Thursday, November 6, 2014

Marvel: review

Review of Marvel– performed in the Project Arts Centre, November 2013. Published in TN2’s theatre section, November 2013.
Noise pervades “Marvel” from start to finish. When it stops, it makes the performance all the more eerie, a damning silence. As the play opens, the rush of city centre traffic mingles with a news report that tears the life of Dion (Liam Hourican) apart. It is September 2008 and the bubble has finally burst.  Time is a finite commodity.
“Marvel” explores not only the economic crash but what life was like beforehand; literally every second scene is in flashback. This takes some getting used to for the audience but creates a pleasing juxtaposition of then and now. Voiceovers are heard; BBC announcers, economists, the instantly familiar drawl of Bertie Ahern. We swing between good times and bad, magic and horror, celebration and despair. It asks a lot of tough questions and it’s certainly not easy viewing.
Glamorous prostitute Marvel (an excellent Alma Eno) comments that “beauty is an unstable commodity” and the idea of finite resources form the core of this strange play. Elizabeth Moynihan, an accomplished playwright, contrasts the lavish, decadent world of the Celtic Tiger against the horrors of Liberian war. Time is a finite resource for Dion and Marvel; they just don’t know it yet. The first half of “Marvel” is absolutely stellar, keeping the audience on the edge of its seat as our two characters’ webs of lies spin out of control. There’s a lot going on for such a sparse stage – deception is as prevalent as decadence in the dying days of the boom, it seems. However, the last third of the play sees the plot unravel slightly, as the characters become more desperate and the cuts between past and present more jarring. The plunging into darkness, at first a brilliant scene-changer, becomes slightly flat. “Marvel” leaves the audience hanging for up to a minute; instead of making me want more, it was simply annoying.  

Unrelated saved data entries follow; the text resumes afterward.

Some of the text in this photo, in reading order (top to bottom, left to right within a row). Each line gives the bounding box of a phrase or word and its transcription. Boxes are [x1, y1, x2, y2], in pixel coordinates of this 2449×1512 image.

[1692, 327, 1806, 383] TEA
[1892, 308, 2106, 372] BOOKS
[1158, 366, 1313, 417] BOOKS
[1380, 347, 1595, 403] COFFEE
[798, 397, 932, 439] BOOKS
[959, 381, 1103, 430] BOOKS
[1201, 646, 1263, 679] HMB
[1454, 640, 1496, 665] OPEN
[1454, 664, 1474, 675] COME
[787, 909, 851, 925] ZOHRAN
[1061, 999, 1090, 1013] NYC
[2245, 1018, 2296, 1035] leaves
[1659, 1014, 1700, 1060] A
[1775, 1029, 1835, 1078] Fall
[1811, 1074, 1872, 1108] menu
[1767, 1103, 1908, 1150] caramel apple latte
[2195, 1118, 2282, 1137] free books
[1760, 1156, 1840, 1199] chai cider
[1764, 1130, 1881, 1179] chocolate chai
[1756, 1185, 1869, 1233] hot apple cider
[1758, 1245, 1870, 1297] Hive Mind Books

Criticisms aside, “Marvel” offers an awful lot to chew on. It offers a neo-Victorian look at a prosperous Ireland: where the people have become buying and selling machines, unable to feel. Dion is a shell of a man, eaten up by greed and ingratitude. He seems to know this, too, telling Marvel that “nothing was ever enough” in those last days. By contrast, Marvel’s sensitive portrayal of a trafficked prostitute rejects materialism, preferring love and security. Marvel is tarnished by the selfish, heady atmosphere in Ireland, but not totally – perhaps as someone from outside, she can hold onto what is important. “Marvel” poses plenty of challenging questions for the audience – did the country lose a little soul in those heady days of the last decade? Did we swap our feelings and morals for fast cars, big houses and flashiness? The notion of a people spoiled is embodied in Dion, who acts like a spoiled child when Marvel doesn’t behave as he wants. Ingratitude is indicted by “Marvel”, with tragic consequences when the bubble bursts.